Frecuentó tantos hospitales como tabernas había pernoctado durante sus ya famosas noches de juergas parisinas o neoyorquinas durante los años 20, cuando “el entorno de la ciudad se aproximaba a la histeria” tal cual lo describe otro de sus personajes, también enfermo, también sacando cuentas del pasado, también hundiéndose, cayendo, habiéndose dejado arrastrar por la realidad torcedora de sus días: Nick Carraway.
Quién sabe si releía El Crack-Up impulsado por esa película, basada en una de las novelas más exitosas. No me refiero a El curioso caso de Benjamín Button, que también vi y es, a fin de cuentas, un relato magistral desde la primera hasta la última línea, un viaje a la semilla como en ciertos relatos carpenterianos: “Luego fue todo oscuridad, y su cuna blanca y los rostros borrosos que se movían encima de él, y el tibio y dulce aroma de la leche desaparecieron para siempre”.
Se ha dicho que los relatos de Fitzgerald valen tanto como cualquiera de sus novelas, que llevan la misma intensidad, el mismo peso; de manera que El curioso caso de Benjamín Button pudiera ser una novela por todo eso. Pero, buscando justificaciones para mi relectura de El Crack-Up no me refería a este, sino a su más famosa narración, publicada en 1925, El gran Gatsby.

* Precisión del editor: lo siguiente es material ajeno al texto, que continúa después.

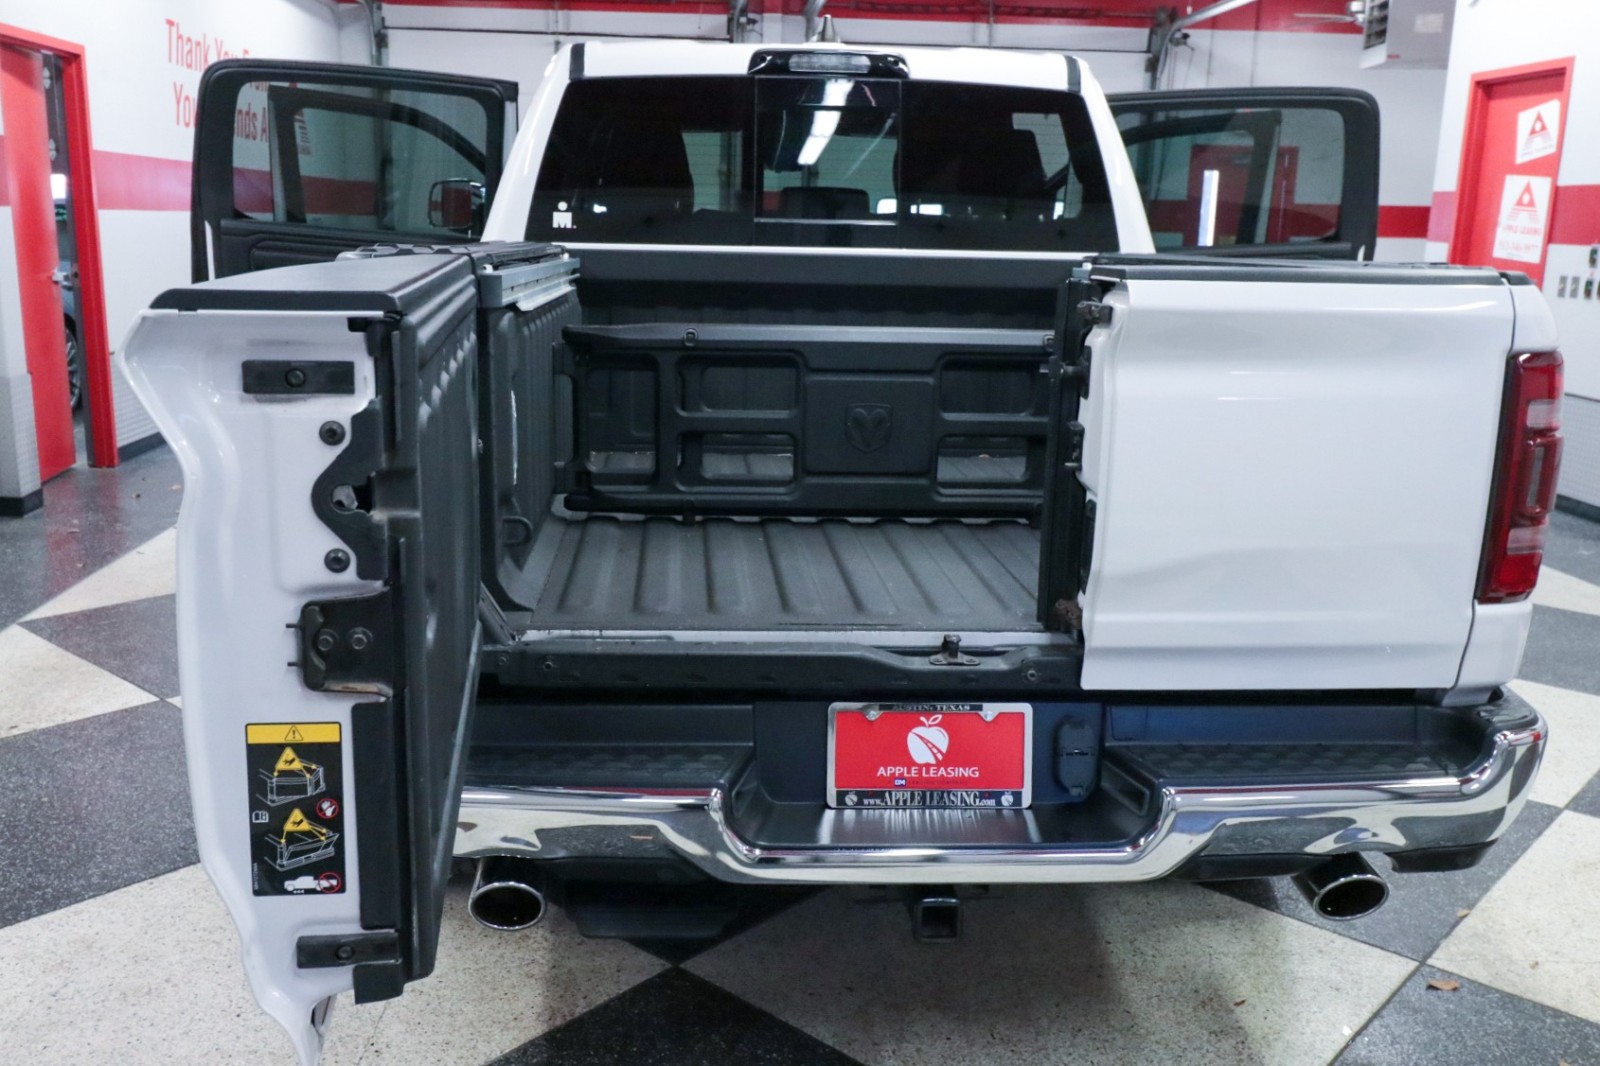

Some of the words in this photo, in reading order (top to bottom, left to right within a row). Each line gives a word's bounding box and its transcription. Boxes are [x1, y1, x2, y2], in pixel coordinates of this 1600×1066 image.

[165, 18, 210, 72] Thank
[877, 766, 919, 778] APPLE
[922, 766, 980, 778] LEASING

Porque también había vuelto a ver el filme sobre El gran Gatsby por esos días, marzo, abril… Hoy mismo volvería a verlo. Tal vez lo haga esta noche. A veces me reconforta volver sobre lo visto o leído, como si la existencia fuera una especie de montaña rusa en la que se disfrutan mucho más las caídas, las vueltas a toda velocidad por las mismas pendientes. Creo recordar una cita donde el Aguafiestas de la novela de Antón Arrufat asegura que las relecturas son casi más importantes que las lecturas. Cuando algo se ha leído, claro está.

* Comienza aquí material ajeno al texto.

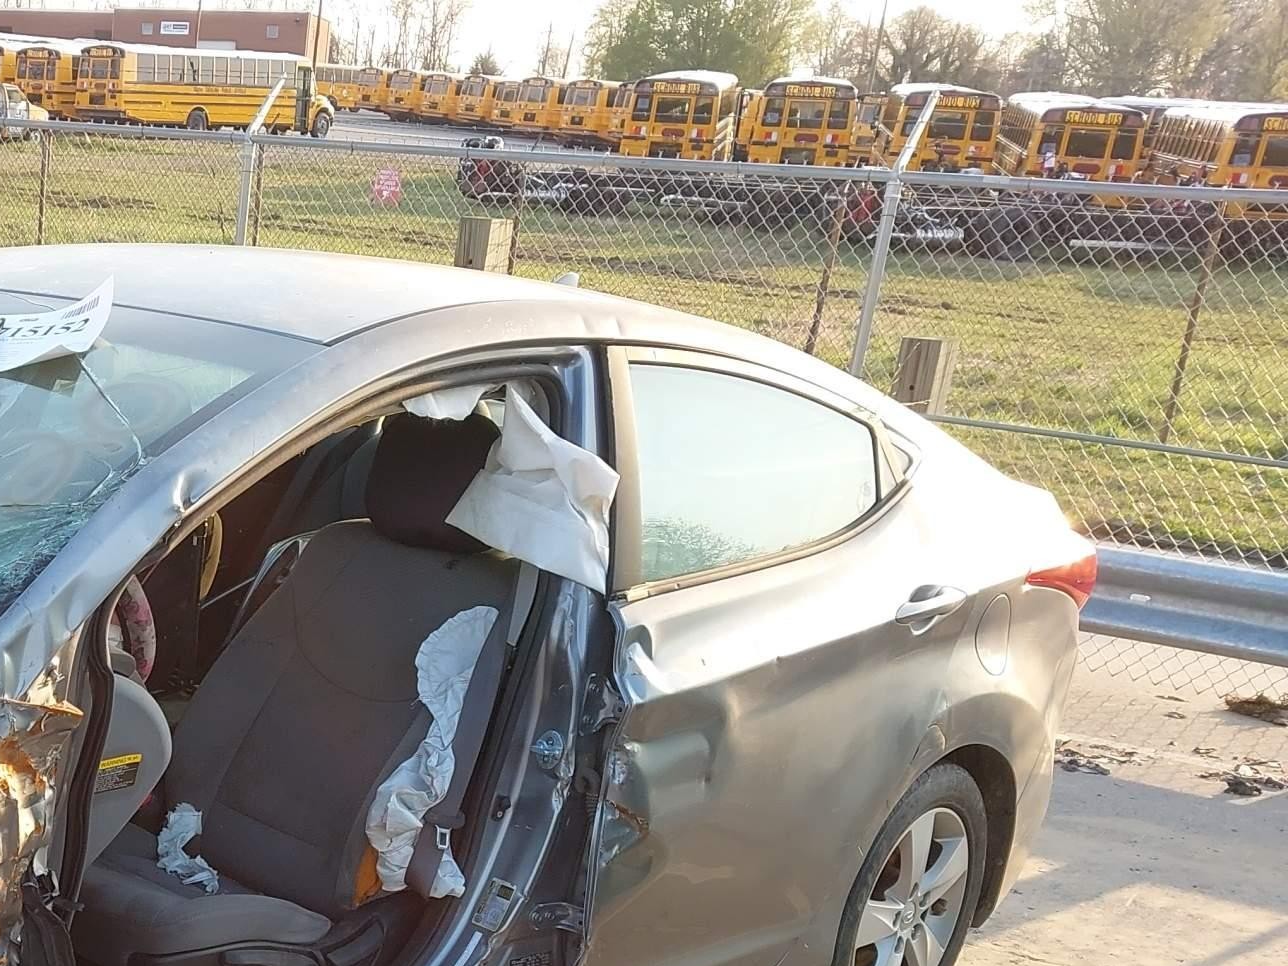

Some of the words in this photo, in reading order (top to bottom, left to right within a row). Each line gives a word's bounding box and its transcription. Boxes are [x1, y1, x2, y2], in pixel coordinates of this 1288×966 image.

[654, 82, 686, 94] SCHOOL
[687, 83, 700, 95] BUS
[786, 85, 821, 97] SCHOOL
[823, 86, 836, 97] BUS
[966, 96, 980, 108] BUS
[1065, 111, 1106, 123] SCHOOL
[1108, 112, 1123, 125] BUS

Como sea, había visto yo la película, donde un ya maduro y todavía desoscarizado Leonardo DiCaprio encarna al enigmático y trágico Jay Gatsby, de cuya vida, amores y trágico esplendor da cuenta Nick Carraway, el joven y ambicioso escritor que llega a Nueva York en busca de éxito, casi como Odiseo atraído por los cantos, no de sirenas, sino de los motores de los autos estallando en el cemento, y el jazz, y la radio, y la perpetua sensación de vivir al borde de algo.
Esa época y esos ambientes tan bien recreados en el filme de Baz Luhrmann evidencian una de las señales avizoradas por Fitzgerad en El Crack-Up. En algún momento de la narración escribe que la sola aparición del cine sonoro le había dejado una corazonada: ese adelanto técnico convertiría incluso al novelista más leído en algo tan arcaico como las películas mudas. Y empezaba a sentirse arcaico.
¿Qué diría Fitzgerald con la Internet, con los teléfonos inteligentes, con la virtualidad que se nos impone, en una época donde al escritor lo guía una computadora enlazada casi siempre por un mismo sistema operativo? ¿A dónde va la escritura desde una página que sugiere iguales sinónimos y marca los defectos semejantes y nos pone delante temas y situaciones sugeridas por una especie de logaritmo personal?
Es potente lo que sucede ese febrero de 1936. Yo me fijaba en Fitzgerald, casi lo escuchaba hablando de manera tan certera y elegante, tan lapidaria en medio de su memoria agobiada por el recuerdo de ricos insoportables y estrellas de cine que en la intimidad eran lo contrario a sus personajes. Si alguien te dice: “El hombre que persistentemente he intentado ser se convirtió en una carga tan grande que lo he soltado”, tienes que escucharlo.
Ese mundo, ese desasosiego producido por el desenfreno en la vida de uno de los grandes escritores estadounidenses lo tuve en la mano gracias a la traducción de Teresa Arijón y Bárbara Belloc, en un libro de relatos prologados y escogidos por Carlos Gamerro para Edhasa (2017). Ahí tengo la edición y, claro que en cualquier momento vuelvo a ella, en casa o en un medio de un transporte, camino a cualquier parte, en medio o después del virus.